This is a copy-and-paste from a post I made at Lane's awhile back (which I can lay hands on because I first wrote it using Google Documents, BTW  ), and which includes a quote from the FV'er to whom I was responding:

FV'er: "...when one joins the visible church, he is now part of a new society - separated from the world, given a new name (”Christian”), having new social relationships with others, living life in and among the body of Christ, exposed to the preaching of the Word and the administration of the sacraments, subject to receiving brotherly love and favor from other church members, under the discipline of God’s ordained ministers and elders, invited to the Church Christmas party, the pig roast, eating donuts with other members in the fellowship hall after church, having one’s children in Sunday School, having one’s spouse getting training in the Bible and in the ethics of relationships, getting to hear glorious music sung in praise of God, getting to raise one’s hands and pray with the company of other believers, etc.. Now, to me, that is a lot of what salvation is - being a resident of Bethlehem rather than Soddom, living among Yahweh worshipers rather than among Molech worshipers."

Me: Well. I think we've found the disconnect, as I would not classify those things as being in any sense whatsoever "salvation".

But what it DID do was bring home to me something that I have doubtless read elsewhere - by Wilkins, I'm thinking - but which hadn't caused any pennies to hit the floor, which is that if one believes there is a lesser, temporal _salvation_, then there is going to flow from that a lesser, temporal _election_; a lesser, temporal _justification_; a lesser, temporal _regeneration_; a lesser, temporal _adoption_; and a lesser, temporal _sanctification_. (If there's a lesser, temporal glorification, though, I'm missing it.)
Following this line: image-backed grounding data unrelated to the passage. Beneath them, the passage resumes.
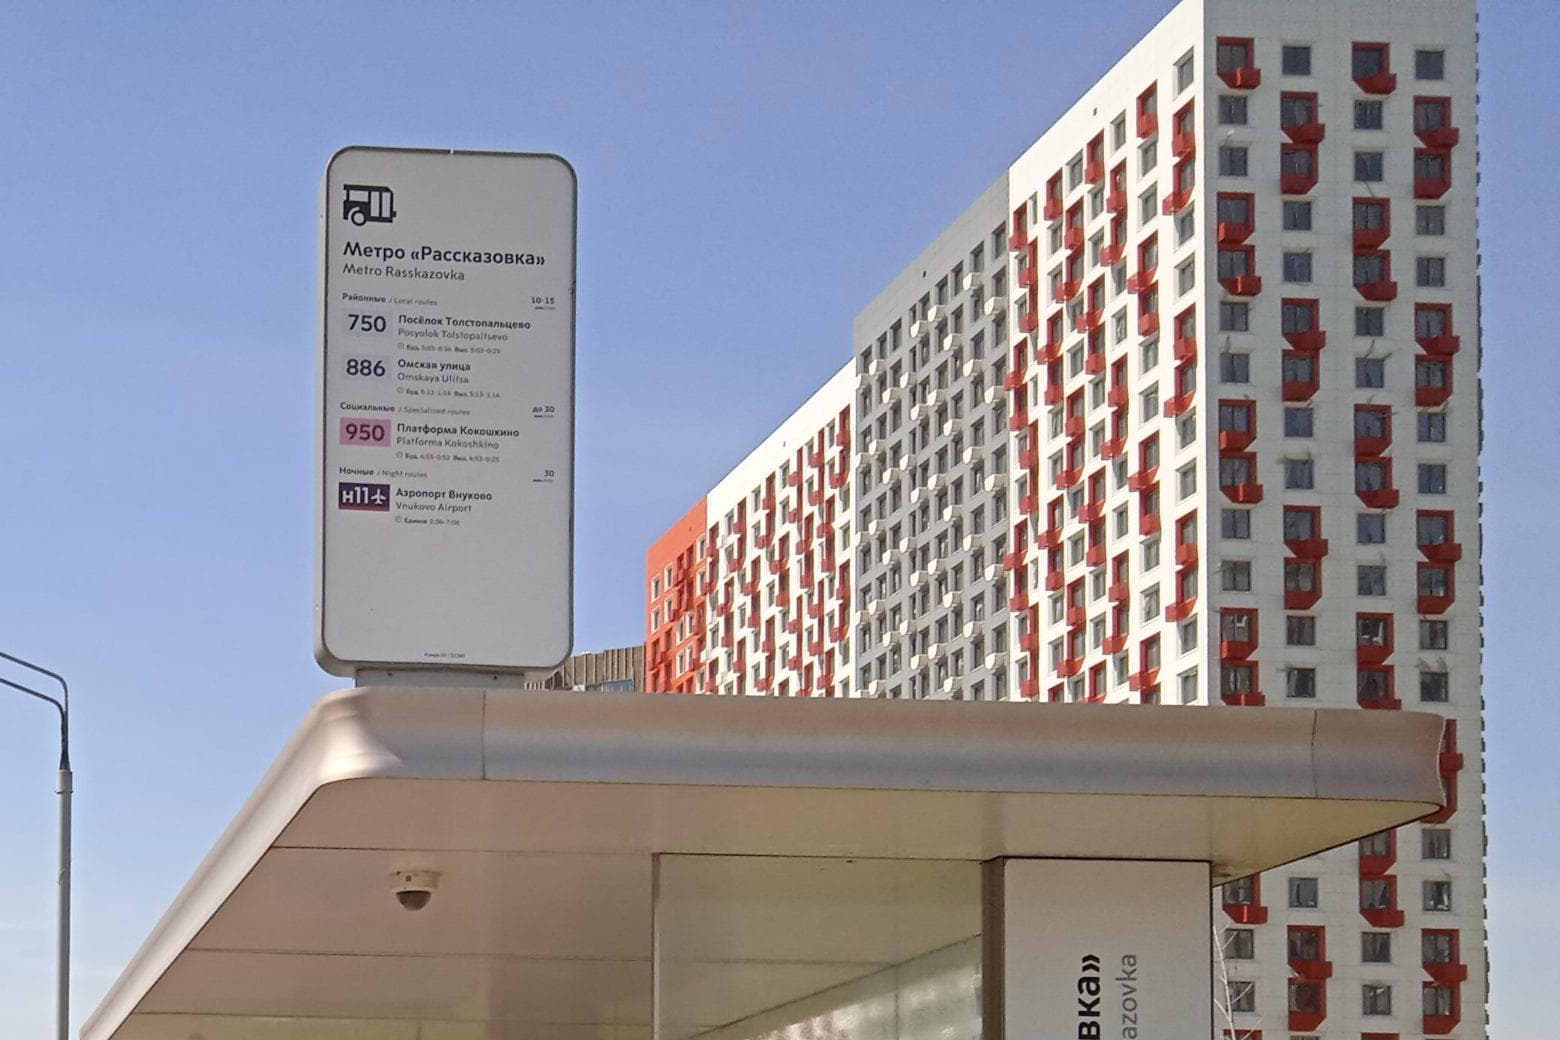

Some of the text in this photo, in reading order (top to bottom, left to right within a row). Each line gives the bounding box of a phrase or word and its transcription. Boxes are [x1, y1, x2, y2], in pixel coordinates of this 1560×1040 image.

[342, 241, 545, 266] Метро «Рассказовка»
[342, 264, 465, 281] Metro Rasskazovka
[342, 292, 386, 303] Районные
[348, 314, 386, 333] 750
[398, 314, 531, 330] Посёлок Толстопальцево
[398, 328, 439, 339] Posyolok
[346, 358, 386, 377] 886
[398, 359, 471, 372] Омская улица
[398, 372, 470, 384] Omskaya Ulitsa
[340, 401, 395, 414] Социальные
[346, 422, 385, 442] 950
[396, 423, 520, 438] Платформа Кокошкино
[396, 436, 499, 450] Platforma Kokoshkino
[339, 466, 374, 476] Ночные
[544, 470, 555, 478] 30
[396, 488, 493, 501] Аэропорт Внуково
[396, 502, 472, 514] Vnukovo Airport
Considering how the FV tends to lessen to the point of obliteration any difference between the OC and the NC, and considering how prevalent in the Old Testament were typologies (is that the appropriate word?), I'm thinking that perhaps the FV views this lesser, temporal 'golden chain' to be essentially a typology of the real deal golden chain. Not very elegantly put, but maybe still comprehensible? _This_ regeneration, i.e. the lesser, temporal regeneration effected by baptism, foreshadows _that_ regeneration, i.e. the actual regeneration and new birth given by the Holy Spirit; _this_ justification, i.e. being officially placed in the Church, foreshadows _that_ justification, i.e. what the FV calls the "Final Justification", and so on.

I daresay this is an alternate way to explain those verses in Scripture declaring that "you and your children" would be saved so that all one's children _are_ saved, even though they might still not wind up in glory. If being in the Church is a type of "salvation", then by golly, everybody in the Church is elect, regenerated, justified, adopted, and being sanctified. In a lesser, temporal sense.

================

And the FV'er allowed as how this was a fairly reasonable explanation.


----------



## timmopussycat (Aug 30, 2007)

Spear Dane said:


> Just don't listen to any stupid comments that identifiy Federal Vision with theonomy and Greg Bahnsen. If someone makes that connection, you can safely ignore the rest of what they say as uninformed.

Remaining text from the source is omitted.